Katmandou , le paradis des hippies, est devenu l'enfer de la pollution...

Séquence tourisme ce soir. Vous êtes trop jeune, Nicolas, j’étais trop sage, mais les plus de 50 ans s’en souviennent : la fraîcheur de Katmandou, les promenades en vélo pour relier les cités royales et le haschich vendu librement aux hippies échoués sur les contreforts de l’Himalaya. Vous n’y étiez pas, mais notre correspondant en Asie Bruno Philip y était. Et Katmandou, c’est comme Capri, c’est fini.

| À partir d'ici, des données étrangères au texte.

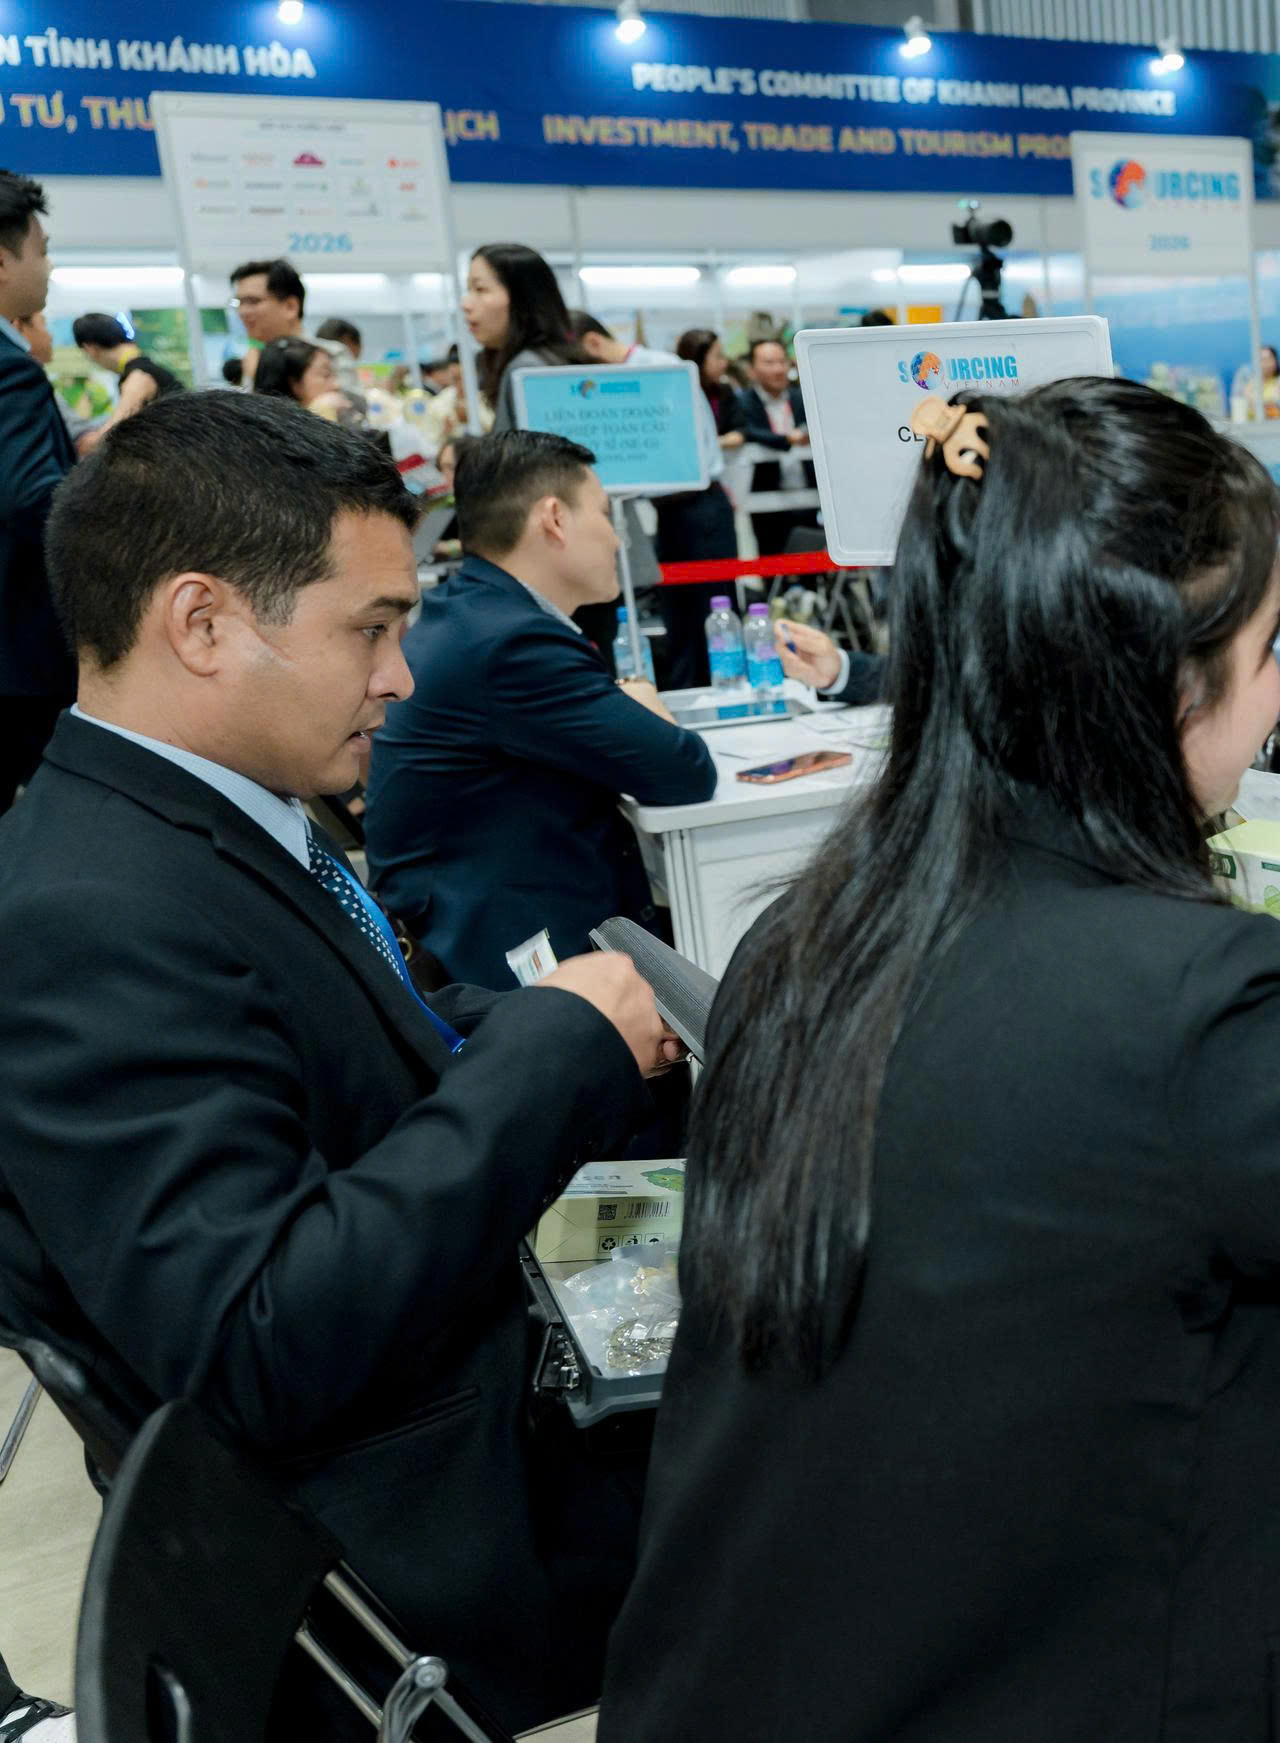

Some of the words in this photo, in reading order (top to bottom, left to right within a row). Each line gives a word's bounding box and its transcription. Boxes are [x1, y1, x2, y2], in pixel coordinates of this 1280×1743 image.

[24, 27, 113, 69] TỈNH
[118, 36, 240, 76] KHÁNH
[243, 40, 317, 78] HÒA
[631, 62, 757, 95] PEOPLE'S
[759, 69, 900, 103] COMMITTEE
[901, 76, 935, 104] OF
[937, 78, 1020, 107] KHANH
[1022, 84, 1071, 110] HOA
[1071, 86, 1176, 116] PROVINCE
[443, 108, 500, 146] ỊCH
[543, 114, 740, 153] INVESTMENT,
[743, 121, 833, 152] TRADE
[839, 126, 897, 155] AND
[898, 127, 1014, 158] TOURISM
[288, 232, 352, 253] 2026
[943, 379, 1020, 391] VIETNAM
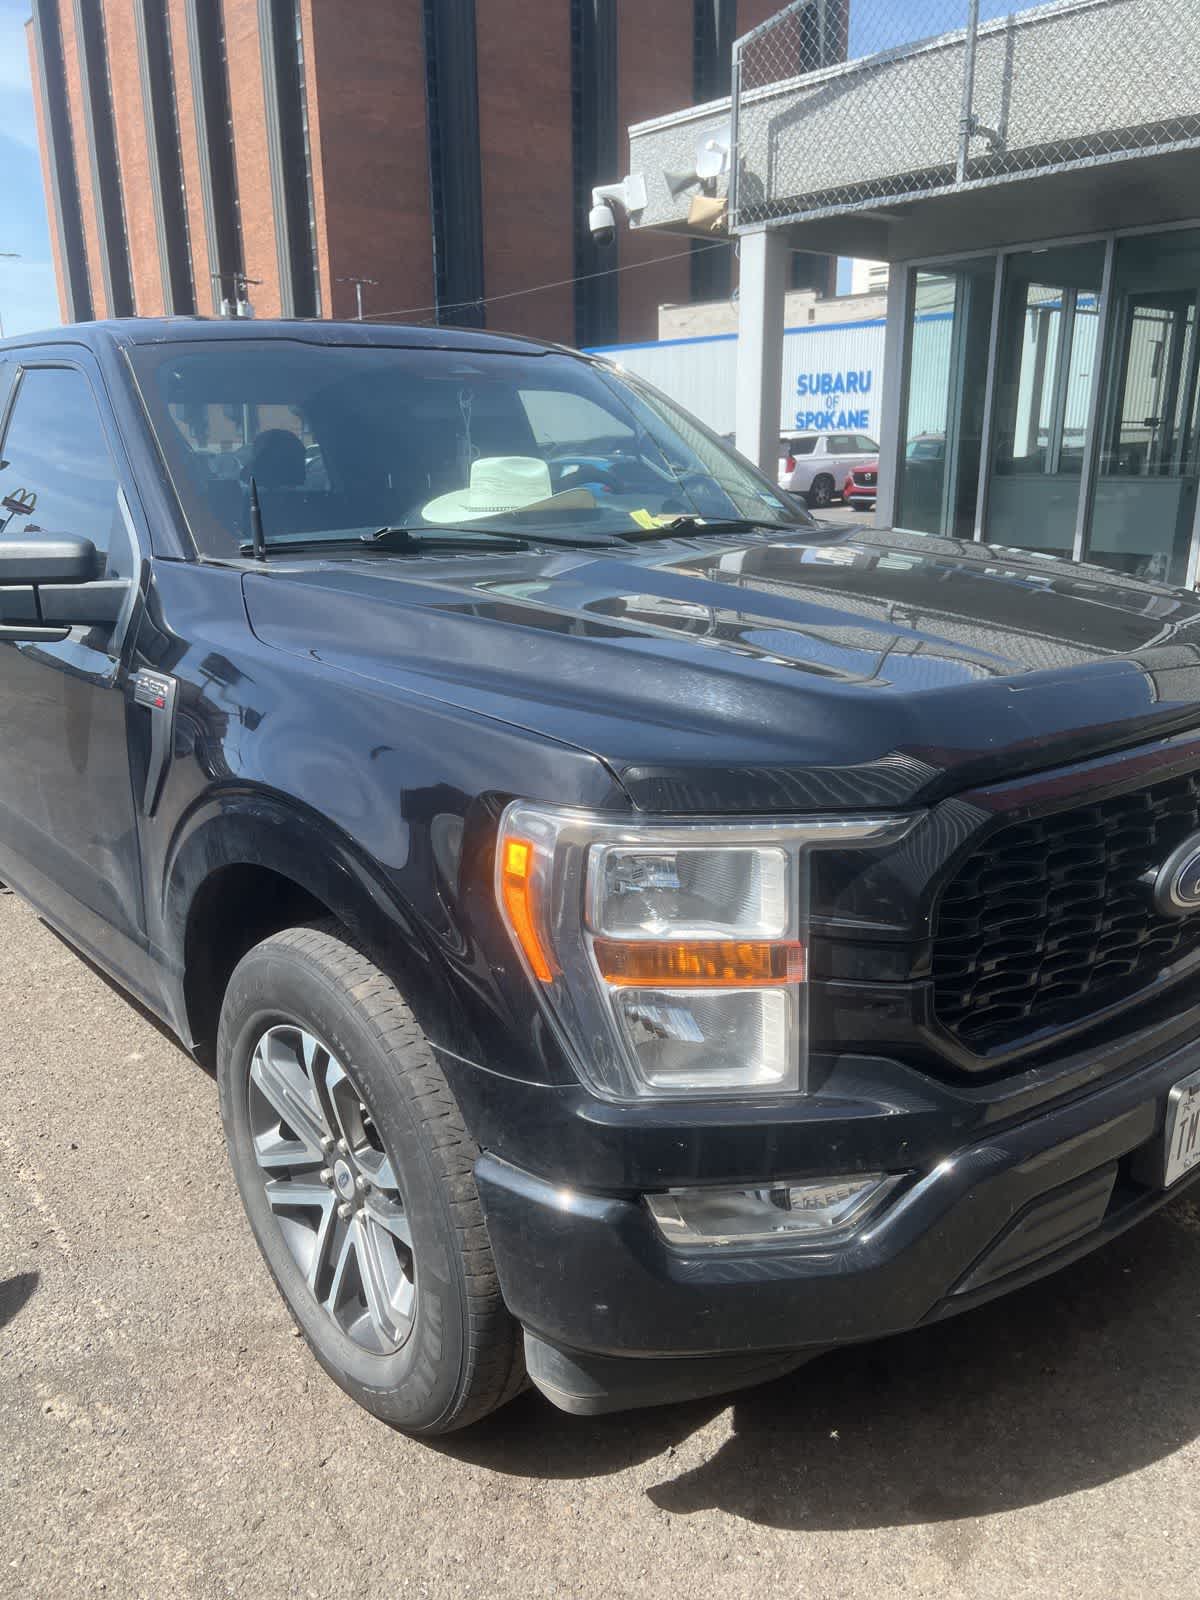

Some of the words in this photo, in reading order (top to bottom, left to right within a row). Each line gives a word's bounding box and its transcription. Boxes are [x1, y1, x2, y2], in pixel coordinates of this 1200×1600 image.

[797, 371, 872, 395] SUBARU
[826, 395, 839, 409] OF
[796, 409, 869, 430] SPOKANE

Katmandou se meurt sous la pollution.

«Il n’est peut-être pas trop tard pour sauver Katmandou mais on est en train de se rapprocher à grand pas du moment où les dommages seront devenus irréversibles », s’inquiète le consultant pour l’Asie du sud d’ONU-Habitat). Que s’est-il passé dans cette ville dont le nom signifie en népali « Temple de bois » et évoque des images encore justifiées d’architecture médiévale ?

Elle est devenue une cuisine à gaz à ciel ouvert. En 2014, le « smog » qui brouillait l’air de Katmandou au printemps a ainsi été évalué à cinq fois pire que celui Paris le jour où la mairie avait décidé de placer la capitale en état d’alerte.